ACTIVITY.
Your answer must consist solely of the lines from the one containing "this 1600×721 image." through the last line of the records below, reproduced exactly, with all pictures omitted.
++++ SOURCE INFORMATION ++++
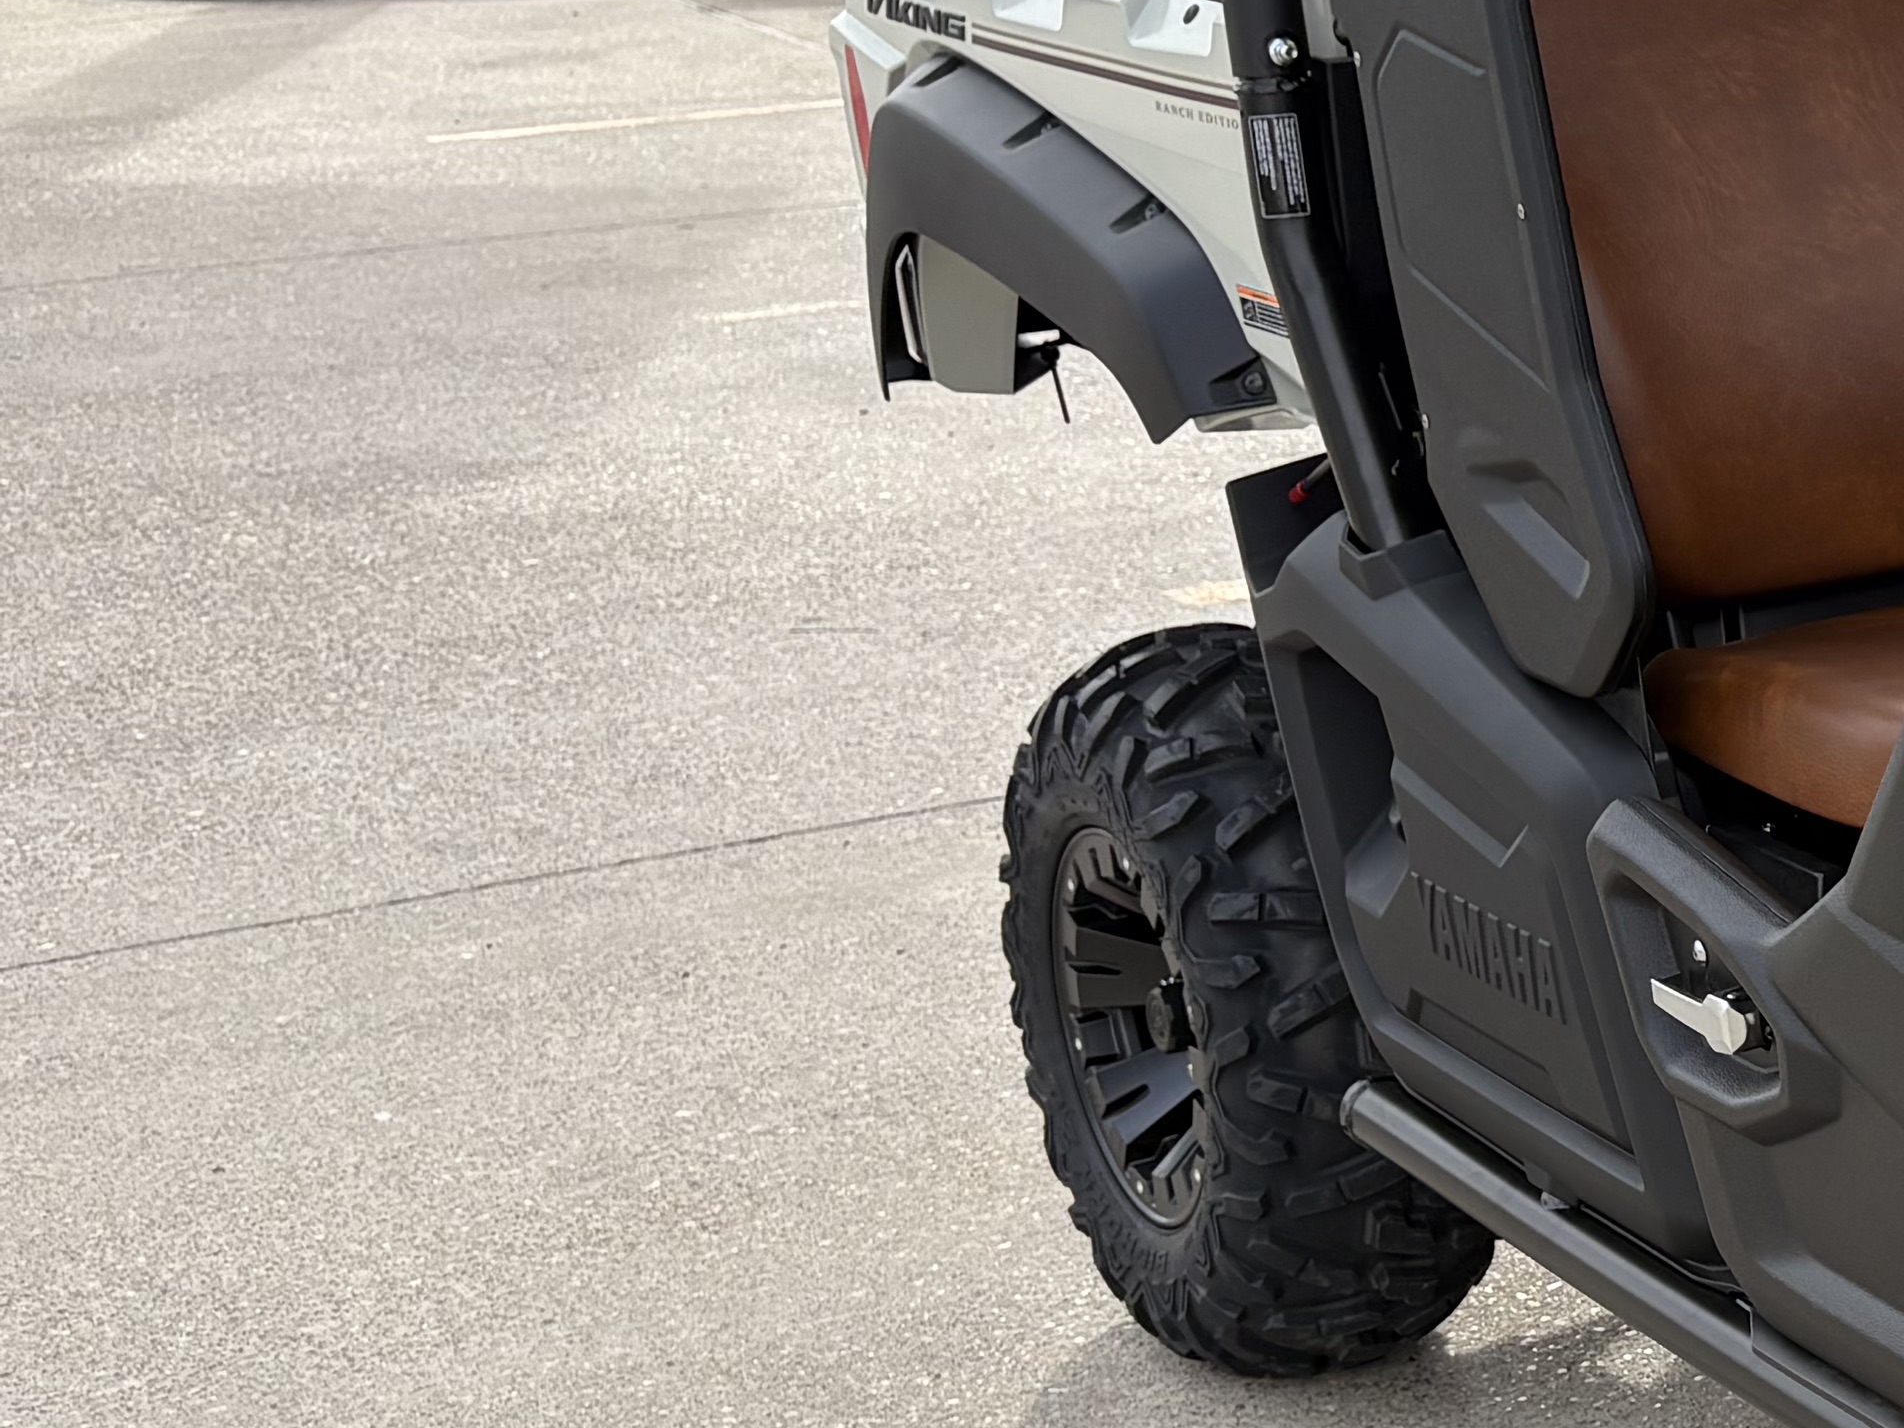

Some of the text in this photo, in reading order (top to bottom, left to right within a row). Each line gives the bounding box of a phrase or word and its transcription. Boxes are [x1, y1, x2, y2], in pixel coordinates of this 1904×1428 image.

[1155, 100, 1240, 131] RANCH EDITIO
[1410, 871, 1568, 1026] YAMAHA
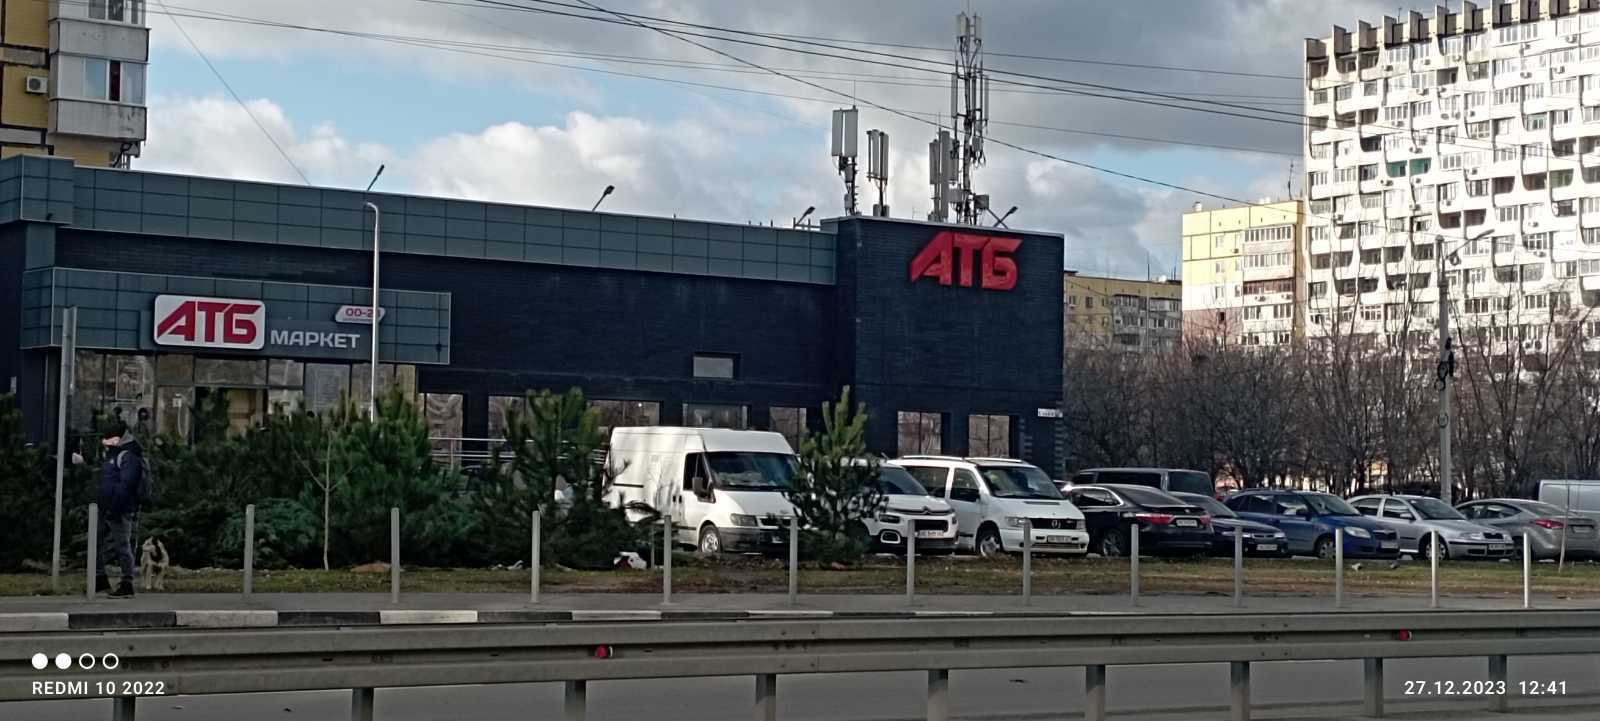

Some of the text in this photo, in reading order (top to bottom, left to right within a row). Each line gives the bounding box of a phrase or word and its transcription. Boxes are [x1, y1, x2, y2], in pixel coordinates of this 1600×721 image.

[910, 231, 1022, 291] АТБ
[157, 300, 262, 344] АТБ
[346, 307, 380, 318] 00-2
[270, 329, 361, 349] МАРКЕТ
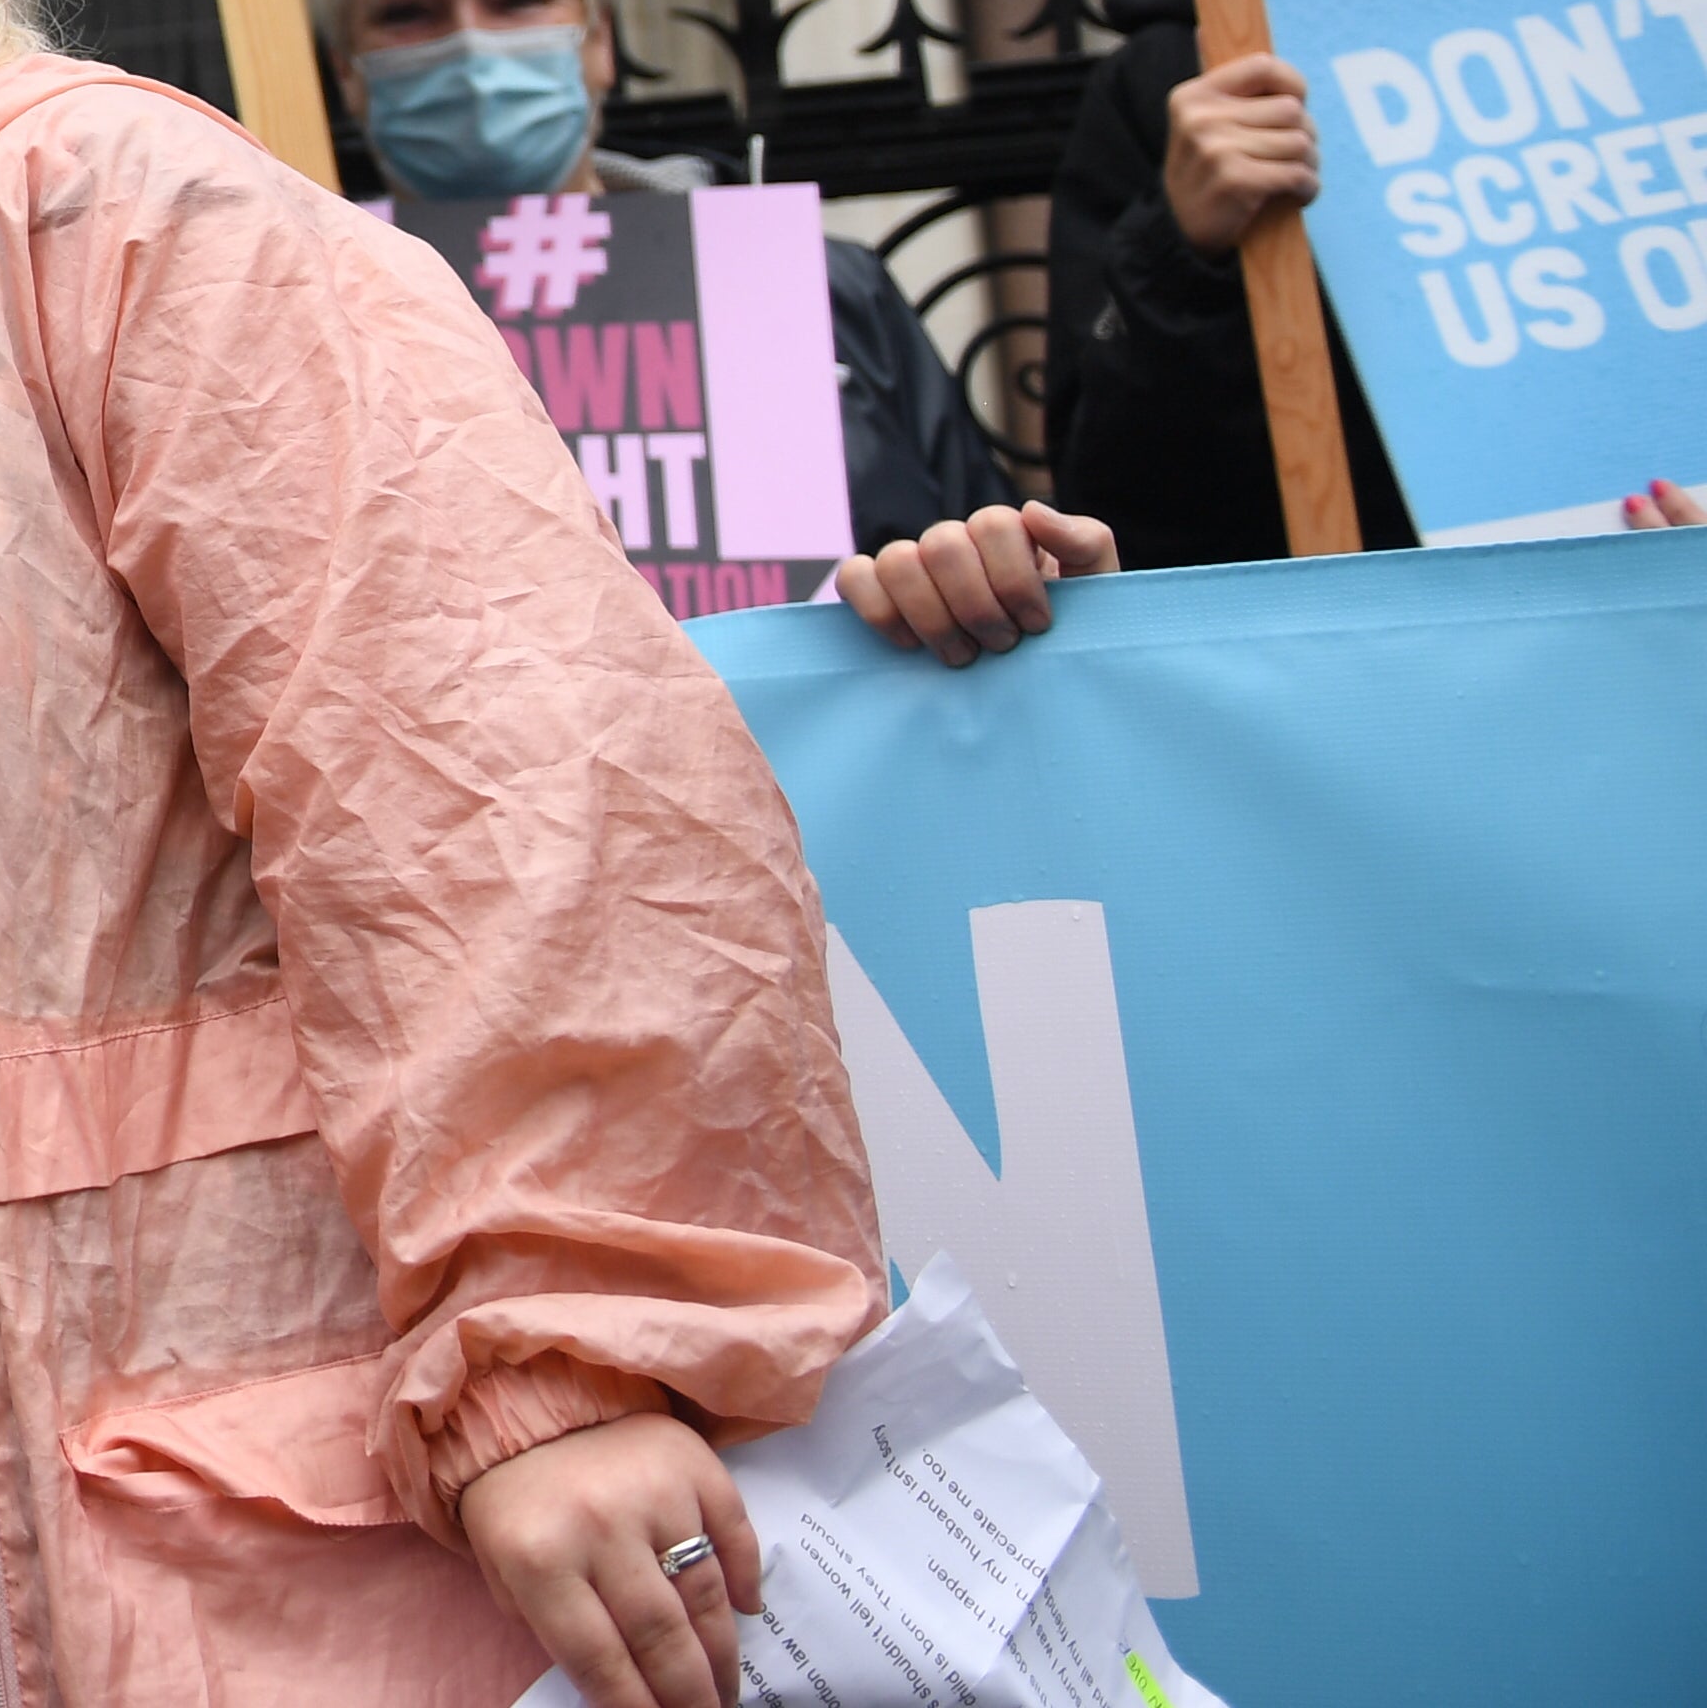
++++
SOLUTION TO THE PROBLEM.
Some of the text in this photo, in reading order (top to bottom, left to right within a row). Each line gives the bounding box of a phrase or word and its transcription. Boxes are [x1, y1, x2, y2], in pixel coordinates of this 1600×721 image.

[910, 231, 1022, 291] АТБ
[157, 300, 262, 344] АТБ
[346, 307, 380, 318] 00-2
[270, 329, 361, 349] МАРКЕТ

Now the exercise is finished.